Then you’ve got the question of epic/historical fantasy. Until recently it’s been the default standard for fantasy fiction, and it arises directly out of the Tolkien school of literature, and the Dungeons and Dragons culture – both of which are traditionally male-centric. As a result, this (now sub) genre is traditionally male oriented. The biggest names writing it are male, and the loudest voices discussing it are male, and the writers getting the lion’s share of the spotlight are male. So yes, as a female writer, sometimes it does feel as though women epic fantasy novelists aren’t accorded the same amount of oxygen in the conversation. I look at the achievements of a writer like Kate Elliott, whose Crown of Stars series is easily as complicated and challenging and epic as Martin’s work, and she is not anywhere near as visible. I find that difficult to sit with. However, I’ll note that my publisher, Orbit, is a brilliant champion of women writing epic fantasy. From what I can see, the resistance tends to come from the gatekeepers of the epic fantasy sub genre. They’re predominantly male, and they consistently focus on male writers, and that means the women writing epic/historical fantasy often get short-changed. And when you get male reviewers openly disparaging female writers in high profile genre magazines, well, that doesn’t make the situation any easier.

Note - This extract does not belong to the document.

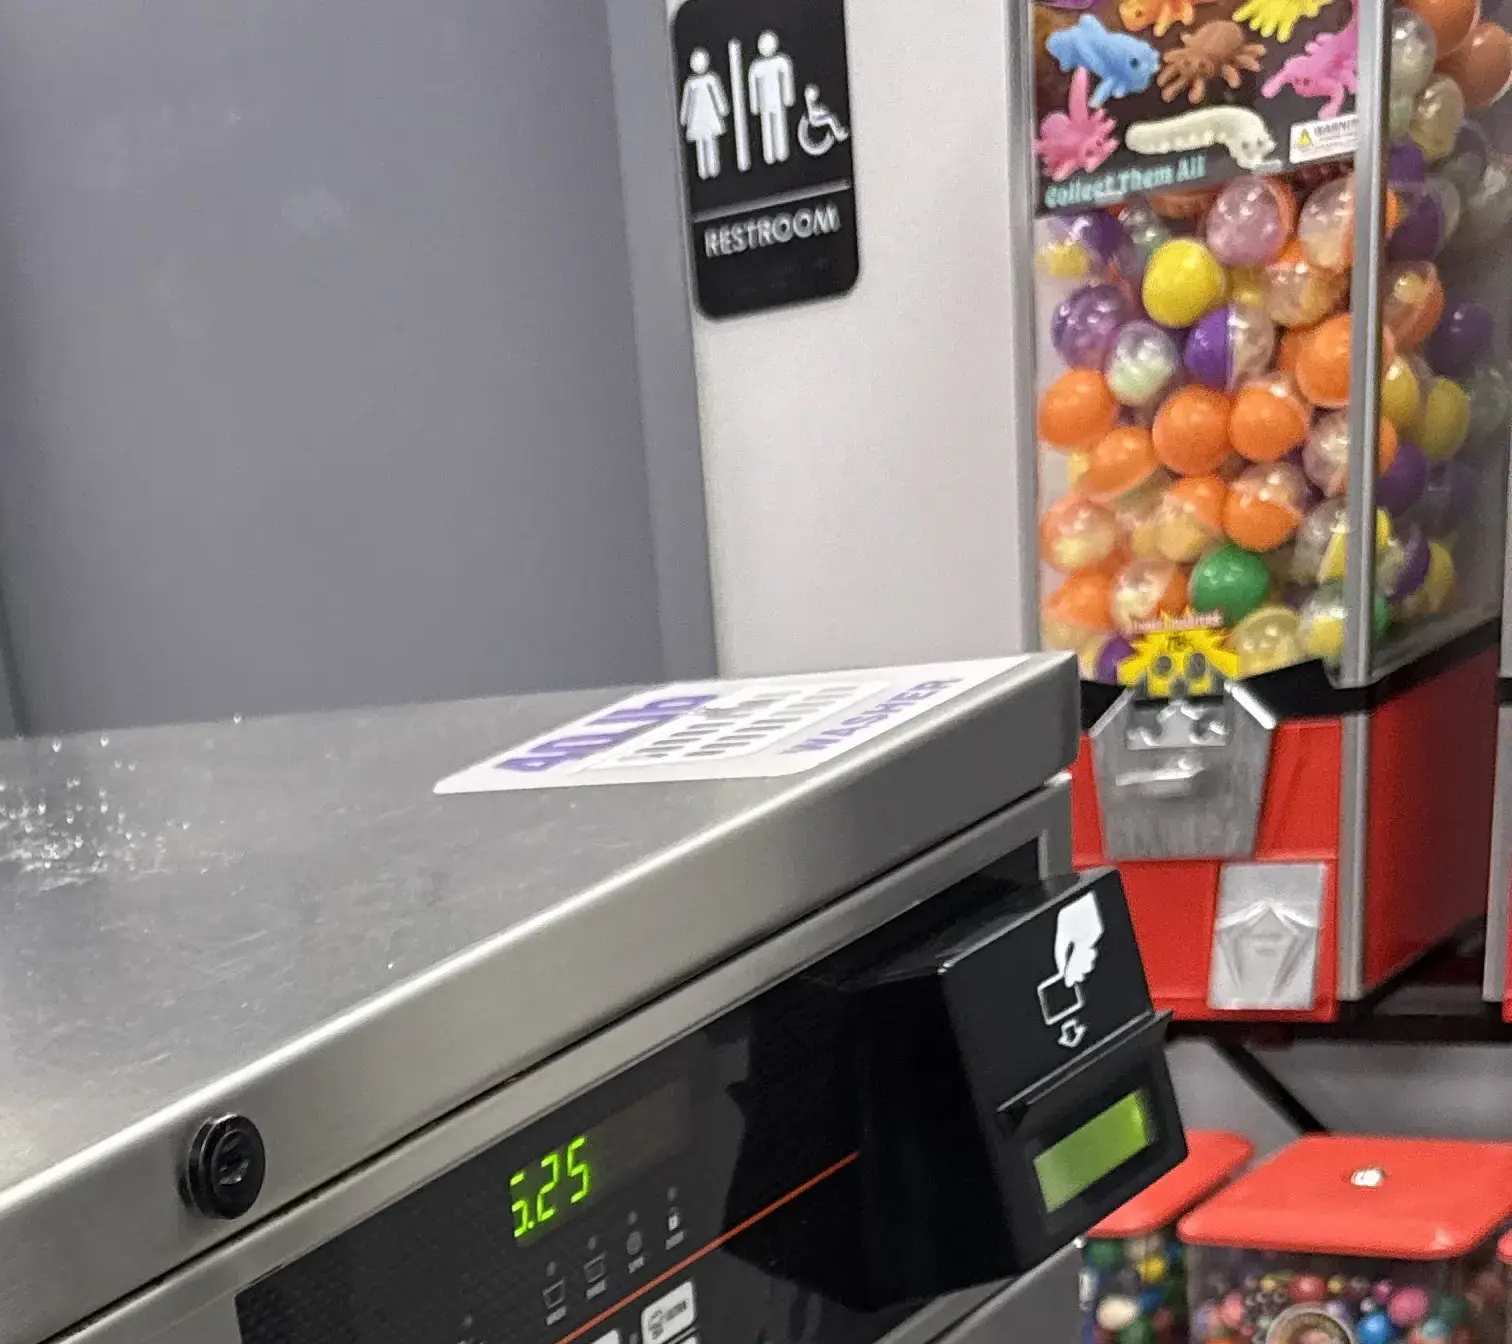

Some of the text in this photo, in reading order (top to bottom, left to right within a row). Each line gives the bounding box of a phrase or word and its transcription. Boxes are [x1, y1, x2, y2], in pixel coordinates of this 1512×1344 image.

[1176, 154, 1207, 183] All
[704, 203, 841, 258] RESTROOM
[779, 678, 964, 755] WASHER

Having said all that, though, I think it must also be said that many of the traditional elements associated with epic/historical fantasy are elements that don’t traditionally appeal to women, either as writers or readers. But that doesn’t mean that no women are interested in them, or that women aren’t capable of writing them with the same flair and authenticity as men. What’s happening, I think, is that some people are falling victim to gender biases and assumptions, which is unfortunate.

Q: Following on from that, does the gender of the writer change your expectations when you pick up their book?

I wish I could say no, but I think it does, to an extent. Epic fantasy written by men tends – and I say tends, it’s not a universal truth – to be heavier on action than emotion. Often there’s no romantic element to the storytelling and certainly a de-emphasis on female characters.  For whatever reasons, those are elements that I really want to see in the books I read. Patrick Rothfuss said on a panel recently that he’s encountered a lot of resistance to the notion of romance in fantasy. I think that’s sad, because I don’t believe for a moment that men don’t want and need love in their lives as much as any woman. And if there is a percentage of men who find romance in epic fantasy confronting, well, that’s no reason to eliminate it  – and by extension, women – from this sub genre of speculative fiction. Absolutely there is an important place for the male-centric story, the male bonding story, all that stuff. It’s as vital as the female empowerment of urban fantasy. But it shouldn’t exist at the expense of epic fantasy that presents are more gender-equal view of the world, where men and women fight the good fight side by side, sometimes falling in love along the way.

By the same token, if I pick up a fantasy novel written by a woman, I generally expect a softer, more emotion/character driven story. Often the focus isn’t on the miltary aspect of epic fantasy. But that doesn’t mean it’s all women can write, and it doesn’t mean that men can’t incorporate these more ‘feminine’ traits into their fiction with huge success. At the end of the day, we are all human beings who live and love and grieve and celebrate – and I think our stories should reflect that.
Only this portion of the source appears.